▶ **Material to process**
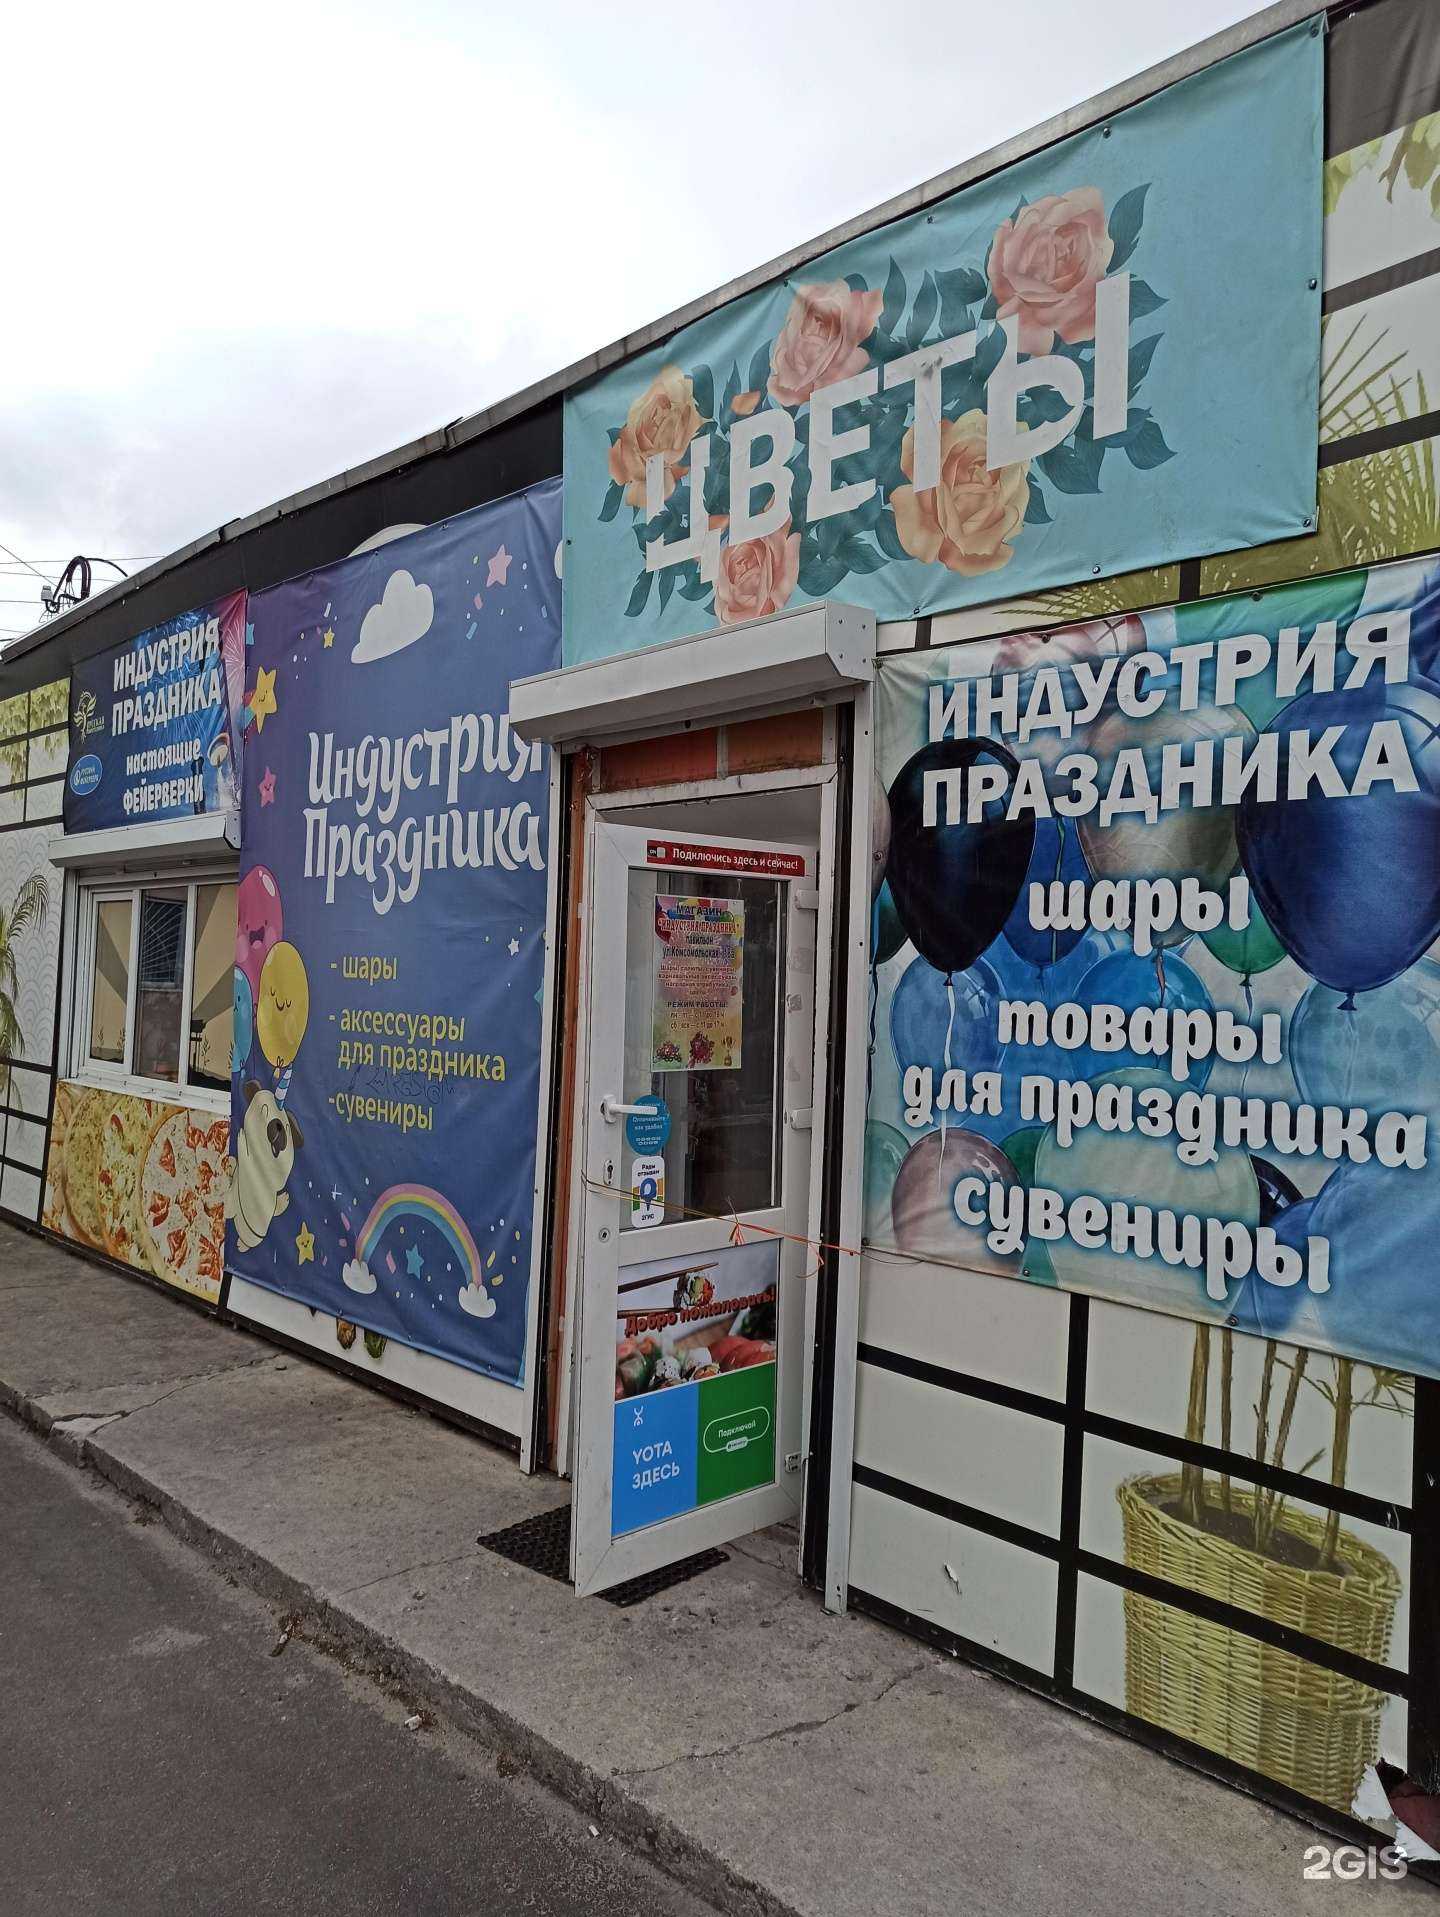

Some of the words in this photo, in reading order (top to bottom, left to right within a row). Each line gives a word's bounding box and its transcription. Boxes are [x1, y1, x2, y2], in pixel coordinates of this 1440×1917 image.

[646, 271, 1130, 585] ЦВЕТЫ
[114, 617, 220, 692] ИНДУСТРИЯ
[927, 607, 1413, 742] ИНДУСТРИЯ
[112, 668, 222, 737] ПРАЗДНИКА
[126, 737, 201, 777] настоящие
[922, 719, 1420, 827] ПРАЗДНИКА
[123, 774, 204, 816] ФЕЙЕРВЕРКИ
[303, 801, 546, 915] Праздника
[673, 848, 732, 864] Подключись
[733, 855, 758, 867] здесь
[759, 857, 766, 867] и
[767, 858, 798, 870] сейчас!
[676, 904, 722, 916] МАГАЗИН
[1027, 874, 1251, 957] шары
[343, 956, 398, 986] шары
[340, 1008, 465, 1046] аксессуары
[997, 998, 1284, 1082] товары
[338, 1040, 374, 1070] для
[380, 1043, 506, 1082] праздника
[329, 1092, 433, 1133] -сувениры
[902, 1062, 1002, 1128] для
[1019, 1071, 1430, 1171] праздника
[952, 1174, 1333, 1300] сувениры
[625, 1314, 678, 1338] Добро
[680, 1290, 775, 1324] пожаловать!
[632, 1462, 680, 1490] ЗДЕСЬ
[633, 1440, 673, 1465] YOTA

▶ **What is expected**
Retype the listing above exactly, pictures excluded.

▶ **Answer for the task**
Some of the words in this photo, in reading order (top to bottom, left to right within a row). Each line gives a word's bounding box and its transcription. Boxes are [x1, y1, x2, y2], in pixel coordinates of this 1440×1917 image.

[646, 271, 1130, 585] ЦВЕТЫ
[114, 617, 220, 692] ИНДУСТРИЯ
[927, 607, 1413, 742] ИНДУСТРИЯ
[112, 668, 222, 737] ПРАЗДНИКА
[126, 737, 201, 777] настоящие
[922, 719, 1420, 827] ПРАЗДНИКА
[123, 774, 204, 816] ФЕЙЕРВЕРКИ
[303, 801, 546, 915] Праздника
[673, 848, 732, 864] Подключись
[733, 855, 758, 867] здесь
[759, 857, 766, 867] и
[767, 858, 798, 870] сейчас!
[676, 904, 722, 916] МАГАЗИН
[1027, 874, 1251, 957] шары
[343, 956, 398, 986] шары
[340, 1008, 465, 1046] аксессуары
[997, 998, 1284, 1082] товары
[338, 1040, 374, 1070] для
[380, 1043, 506, 1082] праздника
[329, 1092, 433, 1133] -сувениры
[902, 1062, 1002, 1128] для
[1019, 1071, 1430, 1171] праздника
[952, 1174, 1333, 1300] сувениры
[625, 1314, 678, 1338] Добро
[680, 1290, 775, 1324] пожаловать!
[632, 1462, 680, 1490] ЗДЕСЬ
[633, 1440, 673, 1465] YOTA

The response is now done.